──────── Source records
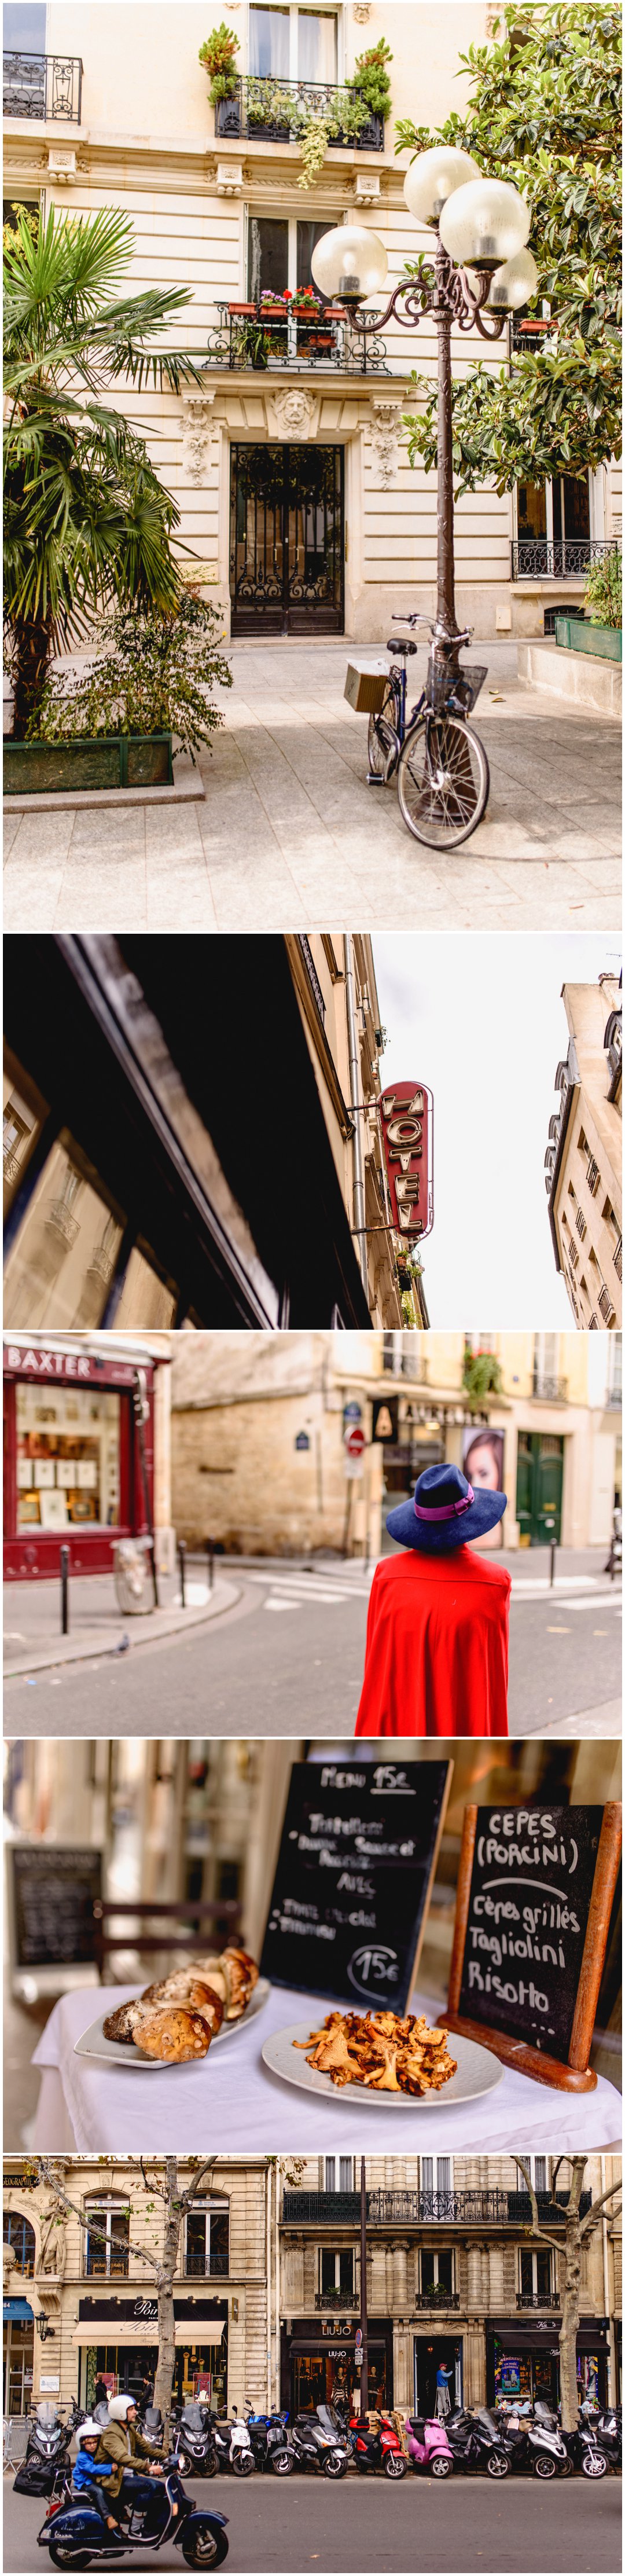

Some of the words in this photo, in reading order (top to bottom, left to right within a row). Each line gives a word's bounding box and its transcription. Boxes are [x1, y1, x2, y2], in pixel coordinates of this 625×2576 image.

[382, 1090, 424, 1231] HOTEL
[8, 1346, 91, 1377] BAXTER
[373, 1766, 411, 1788] 15€
[489, 1811, 557, 1839] CEPES
[469, 1927, 566, 1968] Tagliolini
[356, 1951, 400, 1981] 15€
[468, 1961, 549, 2013] Risotto
[134, 2300, 158, 2315] Poir
────────────────
**What the exercise asks:** Write out the data once more exactly, omitting the pictures.

**Result of this task:**
Some of the words in this photo, in reading order (top to bottom, left to right within a row). Each line gives a word's bounding box and its transcription. Boxes are [x1, y1, x2, y2], in pixel coordinates of this 625×2576 image.

[382, 1090, 424, 1231] HOTEL
[8, 1346, 91, 1377] BAXTER
[373, 1766, 411, 1788] 15€
[489, 1811, 557, 1839] CEPES
[469, 1927, 566, 1968] Tagliolini
[356, 1951, 400, 1981] 15€
[468, 1961, 549, 2013] Risotto
[134, 2300, 158, 2315] Poir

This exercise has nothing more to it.